Republican State Senator John Schickel and Libertarian candidate David Watson challenged Kentucky’s lobbyist contribution and gift bans in a 2015 federal lawsuit, claiming the prohibitions were unconstitutional.
U.S. District Judge William Bertelsman ruled in 2017 that several of the provisions “burdened ‘core political speech’ and curtailed freedom of association,” but the appeals court panel found otherwise.
The case was argued before the Sixth Circuit last October, with Kentucky Attorney General Andy Beshear, also a current gubernatorial candidate, arguing on behalf of the commonwealth.
Vacating Bertelsman’s decision, the Cincinnati-based appeals court found Schickel and Watson lack standing to bring their claims.
“The legislators offer no affidavit from a lobbyist or his employer regarding these restrictions, and they fail to provide evidence that a specific lobbyist, his employer, or a PAC attempted to help in ways proscribed by the provisions … but was turned away due to the lobbying restrictions,” Senior U.S. Circuit Judge Deborah Cook wrote for the court. “The lack of such evidence dooms their claims.”
Schickel and Watson both argued they have curtailed visits with lobbyists out of fear they might violate the restrictions by accepting a cup of coffee or other triviality that could be considered a gift under the ban, but the panel was not convinced.
Cook, a George W. Bush appointee, cited the 2013 U.S. Supreme Court case Clapper v.

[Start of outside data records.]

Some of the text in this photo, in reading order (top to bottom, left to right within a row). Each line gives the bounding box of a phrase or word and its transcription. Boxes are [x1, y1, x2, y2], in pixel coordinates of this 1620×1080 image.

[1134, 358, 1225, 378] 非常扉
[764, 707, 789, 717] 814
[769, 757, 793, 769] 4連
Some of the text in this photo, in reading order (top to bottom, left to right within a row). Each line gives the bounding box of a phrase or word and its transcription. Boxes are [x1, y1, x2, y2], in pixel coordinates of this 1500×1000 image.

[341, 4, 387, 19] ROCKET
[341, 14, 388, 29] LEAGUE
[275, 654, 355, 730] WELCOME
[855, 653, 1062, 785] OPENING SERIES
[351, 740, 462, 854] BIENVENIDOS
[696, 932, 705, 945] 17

Amnesty International and wrote that “the legislators cannot manufacture standing by ‘inflicting harm on themselves based on their fear of hypothetical future harm that is not certainly impending.’”

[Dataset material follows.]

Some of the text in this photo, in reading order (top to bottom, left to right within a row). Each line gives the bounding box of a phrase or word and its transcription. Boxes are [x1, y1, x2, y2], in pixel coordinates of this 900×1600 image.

The panel sided with Kentucky on the constitutionality of the bans, even the removal of a minor – or “de minimis” – exception to the gift ban, and ruled they serve the legitimate government interest of cutting down on corruption.

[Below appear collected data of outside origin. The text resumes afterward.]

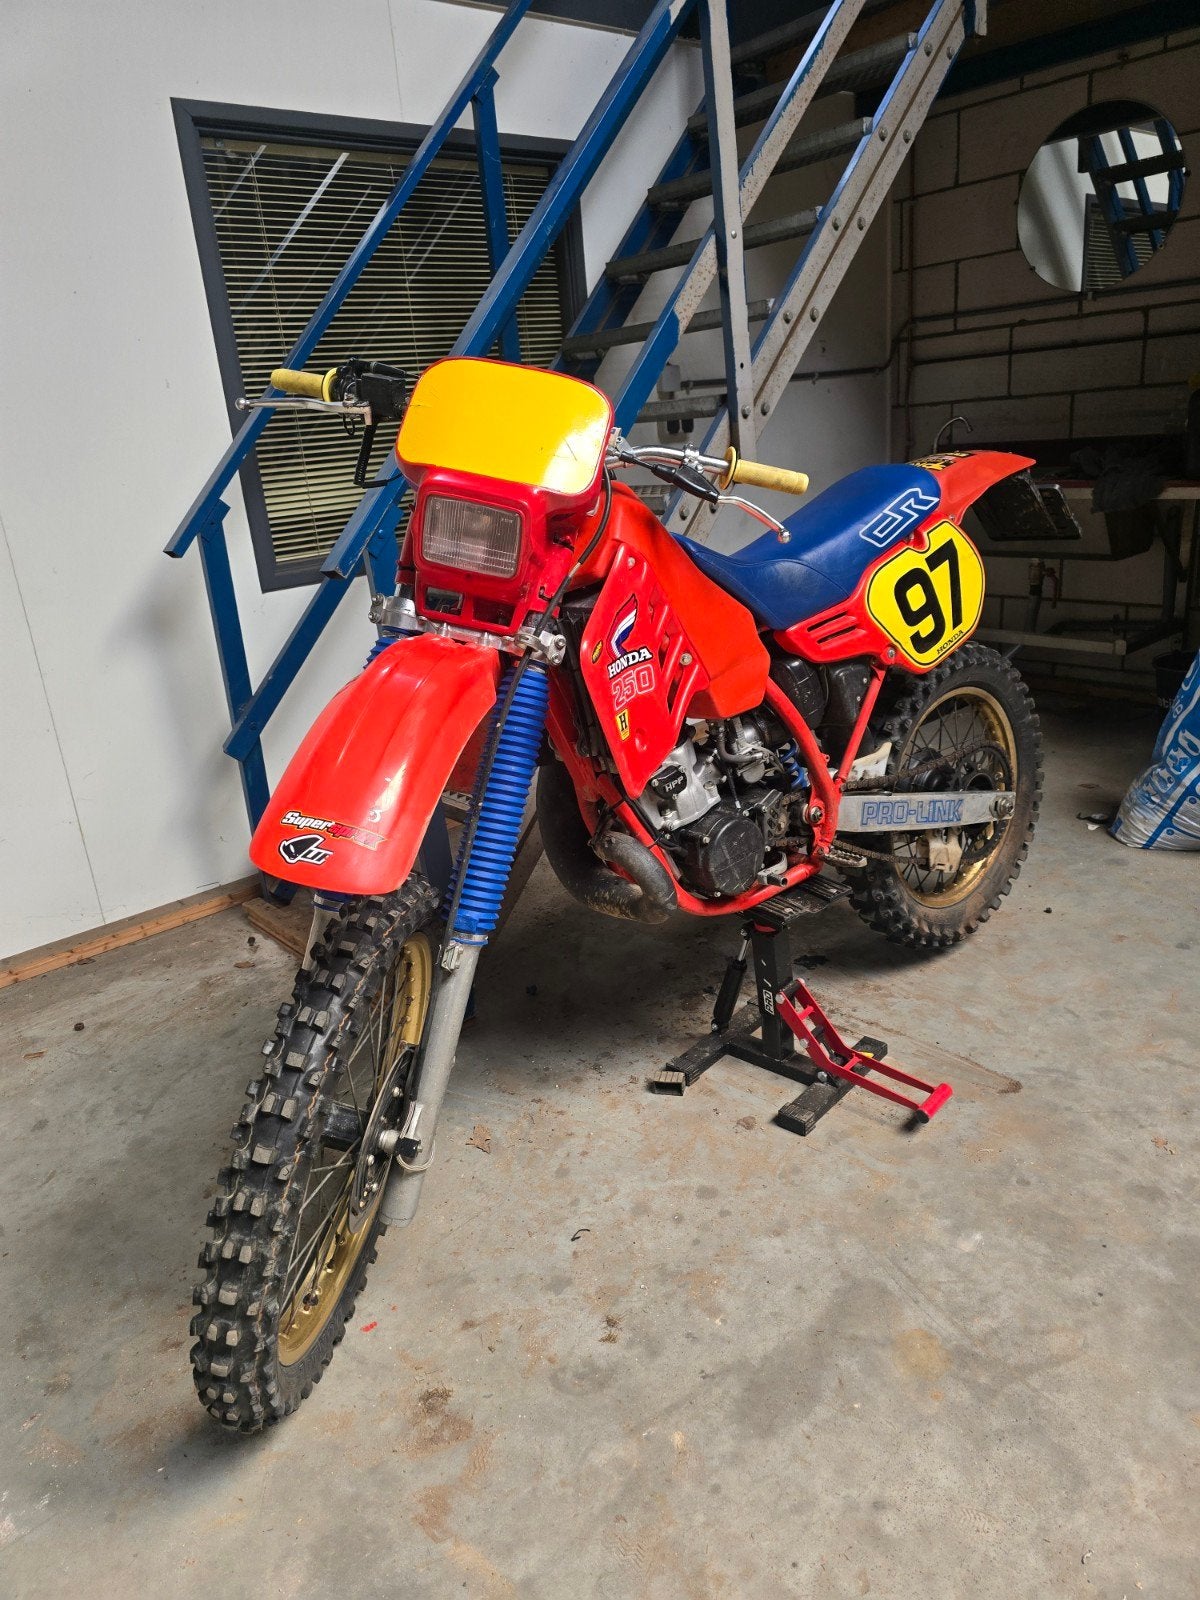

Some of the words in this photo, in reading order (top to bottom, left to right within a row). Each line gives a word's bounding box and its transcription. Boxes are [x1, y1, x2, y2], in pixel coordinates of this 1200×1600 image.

[893, 537, 963, 655] 97
[936, 629, 965, 655] HONDA
[607, 647, 653, 679] HONDA
[611, 664, 656, 711] 250
[664, 775, 684, 793] HPP
[860, 799, 964, 826] PRO-LINK

“The Commonwealth took this action after [the Kentucky Legislative Ethics Commission] recommended it, grounding the recommendation on its research of governmental ethics issues, a task assigned to it by statute,” Cook wrote. “Its research yielded plentiful and detailed newspaper accounts from across the country ‘supporting inferences of impropriety’ arising from gifts of value … including several that discussed how lobbyists and their employers skirted de minimis exceptions with tickets to sporting events, rounds of golf, and cigars.”
Cook’s opinion also pointed out that Senator Schickel was the only member of the Kentucky General Assembly who voted against the removal of the de minimis exception.
“To be sure, [the gift ban] does not forbid any interaction or the utterance of any word between [legislators and lobbyists]. They may associate as often as they wish over a cup of coffee or dinner or baseball game,” the judge wrote. “This law simply requires that, if they do, legislators pay their own way. A fair, reasonable way of preventing quid pro quo corruption and its appearance.”
Schickel and Watson also argued that the bans were unconstitutionally vague, with Schickel claiming he had turned down a tour of a factory “due to a legitimate fear that being lent a hard hat to tour the facility” would violate campaign finance laws.
Judge Cook called the argument “specious,” and reminded Schickel that the statute’s “plain language and the means to resolve questions about its coverage, including advisory opinions, provide fair notice of the conduct it prohibits.”
With its unanimous decision, the panel remanded the case to the district court and vacated an injunction that had stayed enforcement of the statutes.
Senior U.S. Circuit Judge Gilbert Merritt, a Jimmy Carter appointee, and U.S. Circuit Judge Joan Larsen, appointed by President Donald Trump, also sat on the panel.